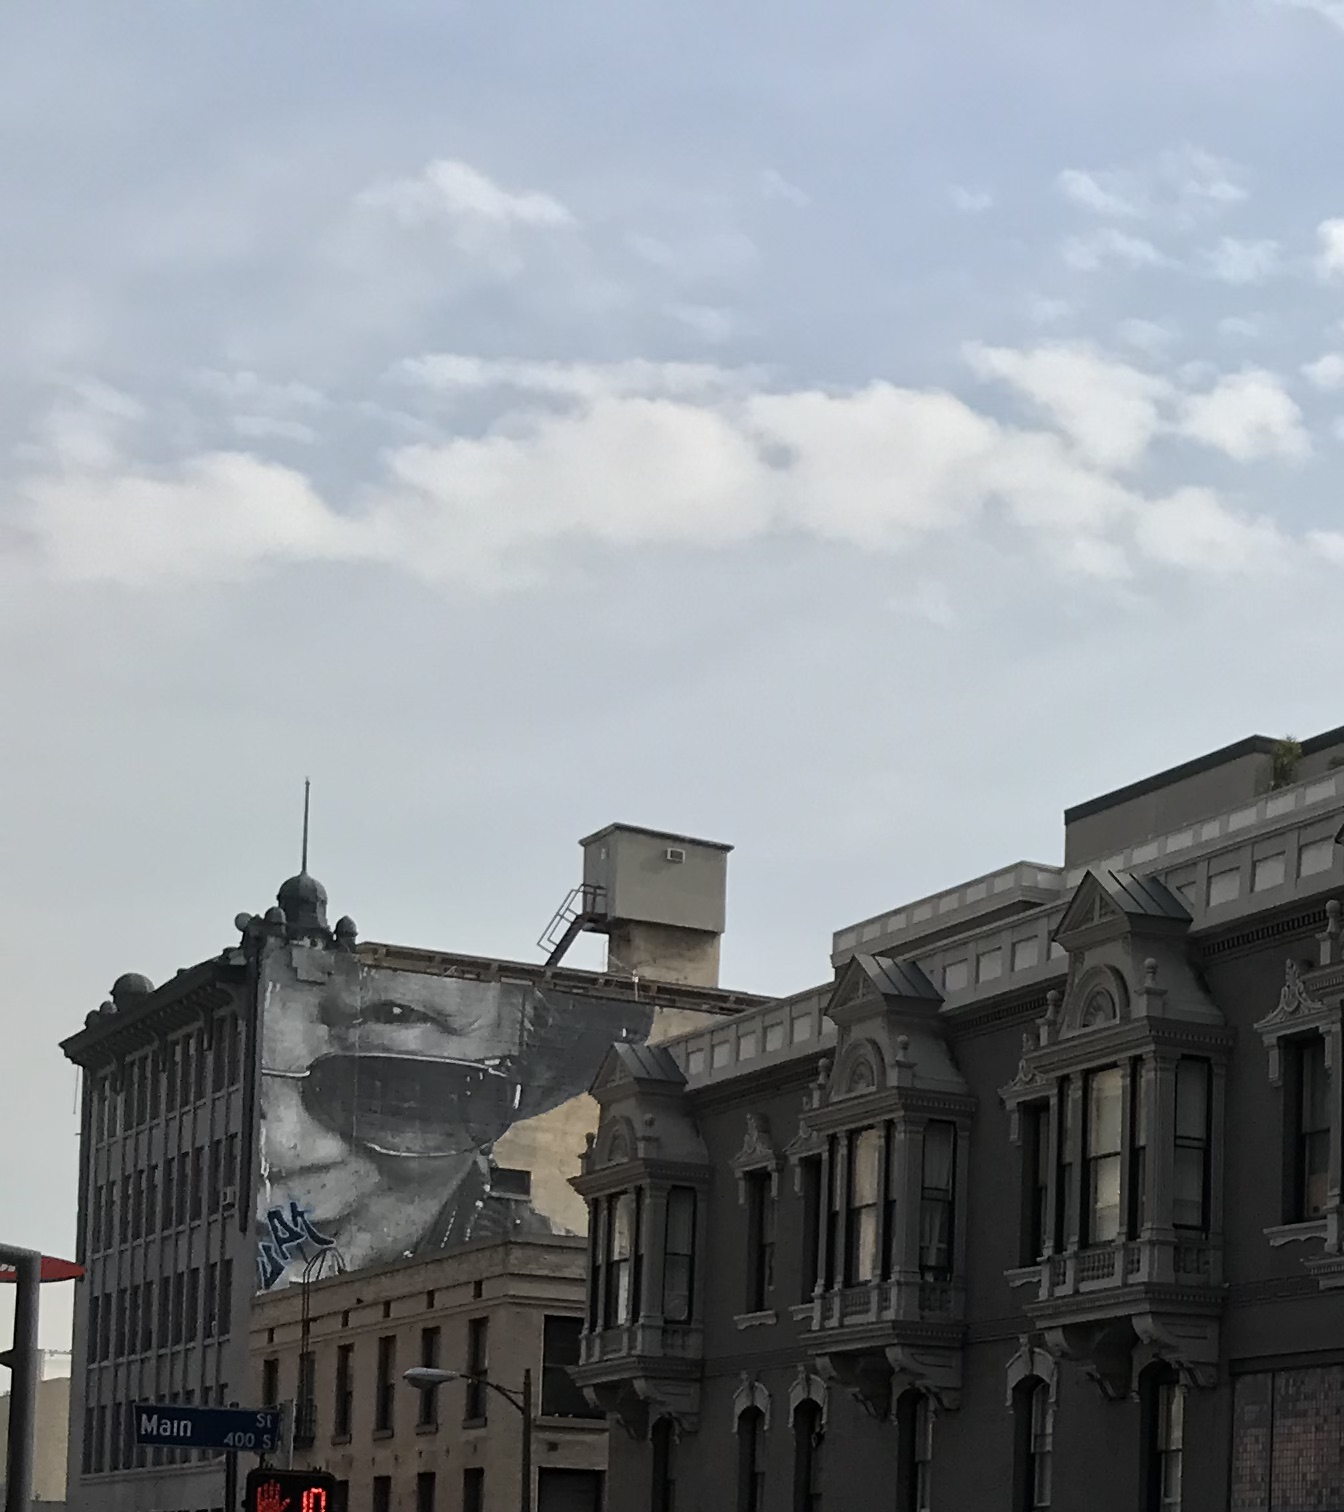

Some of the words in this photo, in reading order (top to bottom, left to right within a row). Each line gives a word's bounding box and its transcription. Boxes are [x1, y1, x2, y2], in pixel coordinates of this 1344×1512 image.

[140, 1414, 192, 1437] Main
[256, 1414, 272, 1428] St
[224, 1432, 255, 1447] 400
[262, 1434, 272, 1448] S
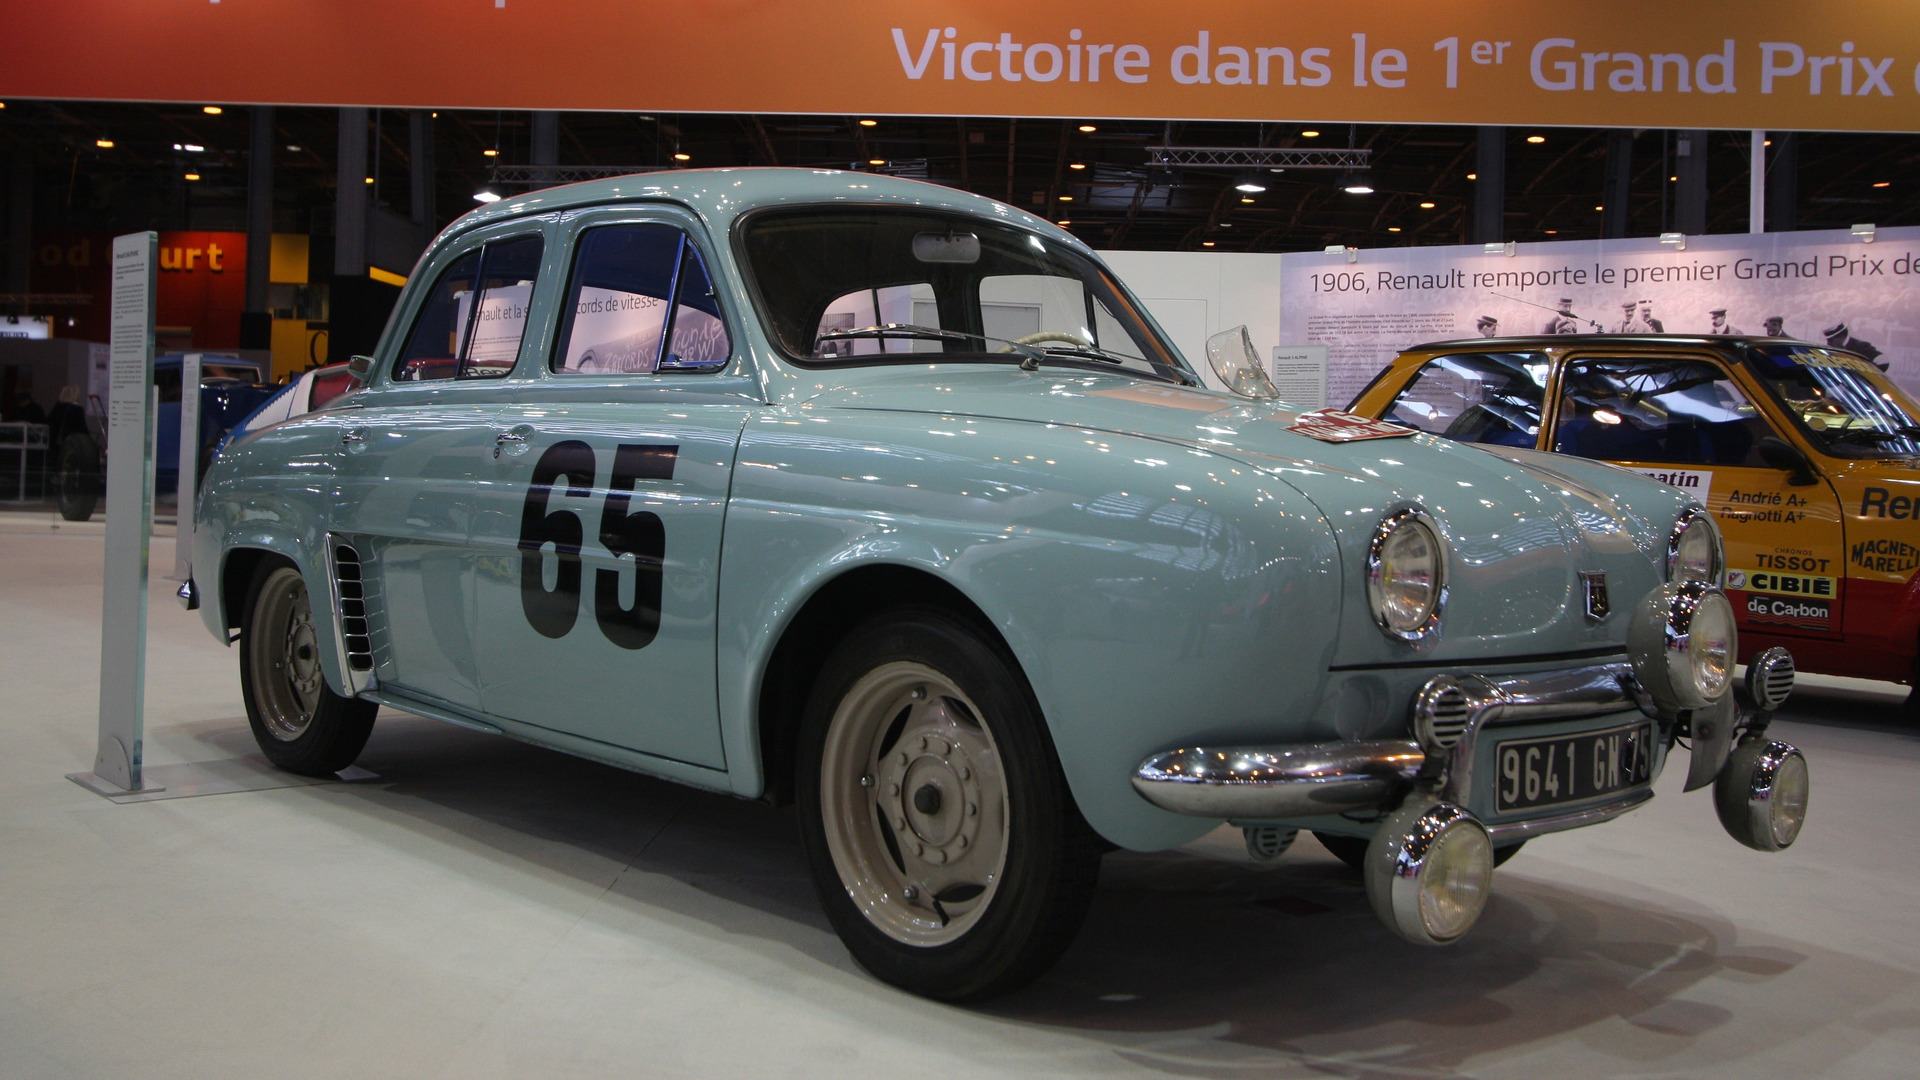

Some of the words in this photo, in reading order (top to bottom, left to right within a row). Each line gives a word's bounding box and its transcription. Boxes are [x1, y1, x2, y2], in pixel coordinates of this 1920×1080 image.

[891, 26, 1150, 83] Victoire
[1170, 30, 1331, 87] dans
[1352, 32, 1407, 88] le
[1530, 37, 1737, 94] Grand
[1759, 41, 1895, 96] Prix
[1310, 271, 1370, 294] 1906,
[1378, 268, 1466, 290] Renault
[1473, 266, 1587, 292] remporte
[1595, 263, 1615, 283] le
[1624, 260, 1727, 289] premier
[1735, 255, 1818, 280] Grand
[1829, 254, 1884, 277] Prix
[503, 306, 513, 320] et
[514, 303, 522, 319] la
[576, 298, 603, 315] cords
[605, 296, 618, 312] de
[621, 294, 660, 310] vitesse
[1645, 471, 1699, 488] atin
[1729, 490, 1782, 505] Andrié
[1786, 493, 1807, 507] A+
[1784, 511, 1806, 523] A+
[517, 439, 680, 650] 65
[1756, 553, 1830, 573] TISSOT
[1748, 599, 1767, 614] de
[1771, 601, 1829, 618] Carbon
[1502, 741, 1576, 804] 9641
[1593, 735, 1619, 791] GN
+ + + + +
Task objective: The exact lines from the one containing "this 1920×1080 image." through the end of the listing above are the expected output; include nothing else.

Response area:
Some of the words in this photo, in reading order (top to bottom, left to right within a row). Each line gives a word's bounding box and its transcription. Boxes are [x1, y1, x2, y2], in pixel coordinates of this 1920×1080 image.

[891, 26, 1150, 83] Victoire
[1170, 30, 1331, 87] dans
[1352, 32, 1407, 88] le
[1530, 37, 1737, 94] Grand
[1759, 41, 1895, 96] Prix
[1310, 271, 1370, 294] 1906,
[1378, 268, 1466, 290] Renault
[1473, 266, 1587, 292] remporte
[1595, 263, 1615, 283] le
[1624, 260, 1727, 289] premier
[1735, 255, 1818, 280] Grand
[1829, 254, 1884, 277] Prix
[503, 306, 513, 320] et
[514, 303, 522, 319] la
[576, 298, 603, 315] cords
[605, 296, 618, 312] de
[621, 294, 660, 310] vitesse
[1645, 471, 1699, 488] atin
[1729, 490, 1782, 505] Andrié
[1786, 493, 1807, 507] A+
[1784, 511, 1806, 523] A+
[517, 439, 680, 650] 65
[1756, 553, 1830, 573] TISSOT
[1748, 599, 1767, 614] de
[1771, 601, 1829, 618] Carbon
[1502, 741, 1576, 804] 9641
[1593, 735, 1619, 791] GN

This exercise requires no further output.